Dieser Internet-Auftritt kann nach dem Tod des Webmasters, Peter Strutynski, bis auf Weiteres nicht aktualisiert werden. Er steht jedoch weiterhin als Archiv mit Beiträgen aus den Jahren 1996 – 2015 zur Verfügung.

Empfehlungen für den Frieden

Baskisches Sozialforum will Beitrag zur Konfliktlösung leisten

Von Uschi Grandel *

Gut zwei Monate nach dem Baskischen Sozialforum, das am 14. und 15. März in Bilbo (Bilbao) und Iruñea (Pamplona) stattgefunden hat, haben dessen Organisatoren am Montag der Öffentlichkeit »Empfehlungen, um den Friedensprozeß voranzubringen« vorgestellt. Die darin enthaltenen zwölf Punkte sind das Ergebnis intensiver Diskussionen einer Vielzahl baskischer Organisationen und internationaler Experten darüber, welche weiteren Schritte im Friedensprozeß nötig sind und wie die aktuelle Blockadesituation überwunden werden kann.

Friedensfahrplan

Der als »Erklärung von Aiete« bekannte Friedensfahrplan vom Oktober 2011 und das kurz darauf erklärte Ende des bewaffneten Kampfes der ETA haben weitere Fortschritte erst möglich gemacht, so die Zulassung der Partei der baskischen linken Unabhängigkeitsbewegung Sortu (Entstehen) im Juni 2012, die vor dem spanischen Verfassungsgericht gegen den Widerstand der spanischen Rechten und ihrer Regierung erstritten wurde. Sie ist ein Resultat der Unterstützung, die der Versuch einer Konfliktlösung im Baskenland und auf internationaler Ebene inzwischen erfährt.

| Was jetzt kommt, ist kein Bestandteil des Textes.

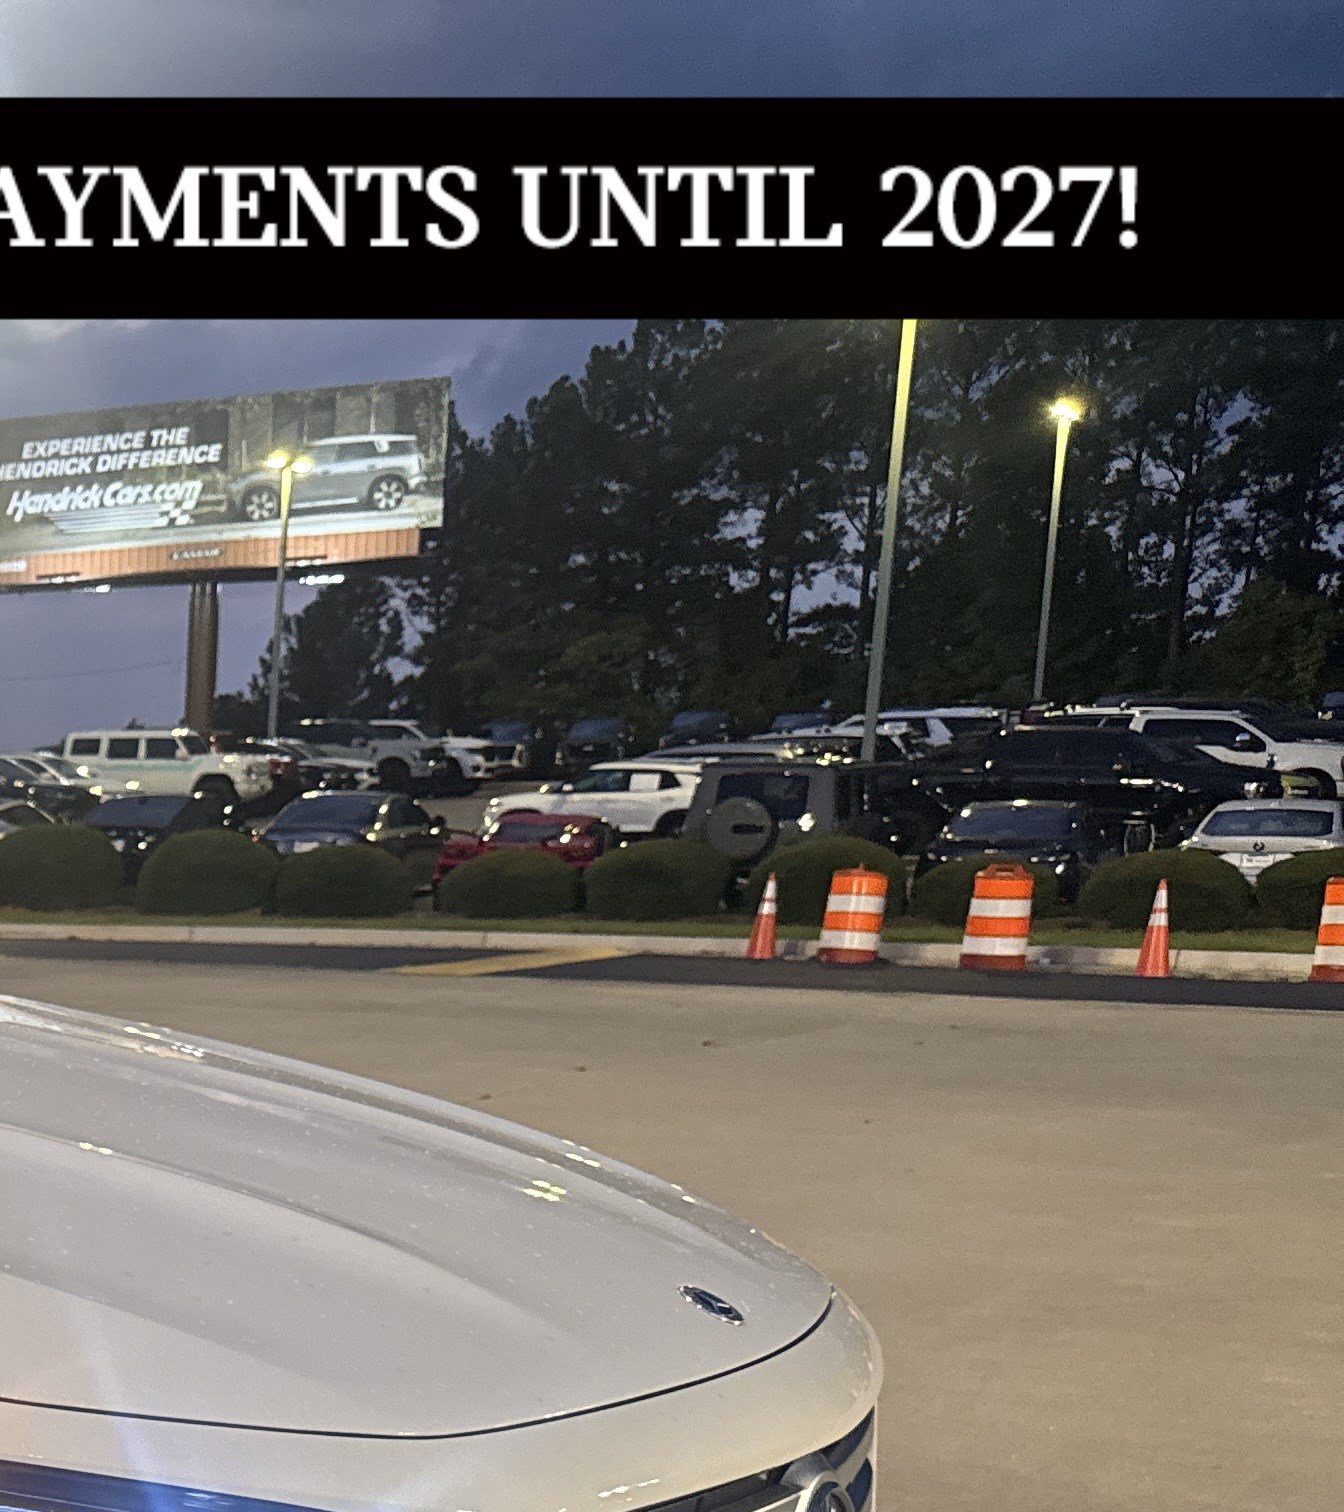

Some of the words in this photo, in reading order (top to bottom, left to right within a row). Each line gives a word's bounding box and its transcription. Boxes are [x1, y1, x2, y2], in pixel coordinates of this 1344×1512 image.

Die im spanischen Südbaskenland beheimatete Organisation für Konfliktlösung Lokarri und ihr im französischen Baskenland angesiedeltes Pendant Bake Bidea sehen die Bedeutung des von ihnen organisierten Sozialforums und seiner Empfehlungen denn auch als einen nächsten Schritt der stärkeren direkten Beteiligung der Bevölkerung. Ihre Absicht ist es, »unter breiter und aktiver Beteiligung der Institutionen, der politischen Parteien und der Zivilgesellschaft einen Konsens über die wesentlichen Aufgaben des Friedensprozesses herzustellen« und dadurch Bewegung zu erzeugen. Vier Aufgabenbereiche präsentierten sie in ihren Empfehlungen: den Abbau der militärischen Strukturen der ETA und ihre Entwaffnung, die Wiedereingliederung der Gefangenen und Flüchtlinge in die Gesellschaft, die Einhaltung der Menschenrechte sowie die Aufarbeitung des Geschehenen unter Einbeziehung aller Opfer.

Wertvoller Beitrag

Die Reaktion der baskischen Parteien auf das Papier war vorsichtig positiv. Sortu sieht in den Ergebnissen des Sozialforums einen wertvollen Beitrag, weist aber darauf hin, daß die Empfehlungen in ihrer Gesamtheit umgesetzt werden müssen. Die konservative baskische PNV, die sich ebenfalls am Sozialforum beteiligt hatte und die Regionalregierung stellt, begrüßte die Empfehlungen. Die beiden großen spanischen Parteien PP und PSOE hatten hingegen nicht an der Veranstaltung teilgenommen und lehnen die Ergebnisse prompt ab. Insbesondere die spanische Rechte reagierte gereizt auf den Vorschlag, das Thema der Waffen und der militärischen Strukturen der ETA in einem »kontrollierten, geordneten und abgestimmten Prozeß« und begleitet durch unabhängige Moderatoren zu behandeln. Ihre Forderung nach einer »Auflösung der ETA« als Voraussetzung für den Beginn jedweden Dialogs ist eines der Argumente, mit denen sich die spanische Regierung allen Verhandlungen verweigert.

Die baskische Organisation Herrira, die sich für die über 600 baskischen politischen Gefangenen einsetzt, begrüßte die Empfehlung bezüglich der Gefangenen und Flüchtlinge, »die Gesetze an die Realität anzupassen« und damit die strafverschärfenden Sondergesetze abzuschaffen.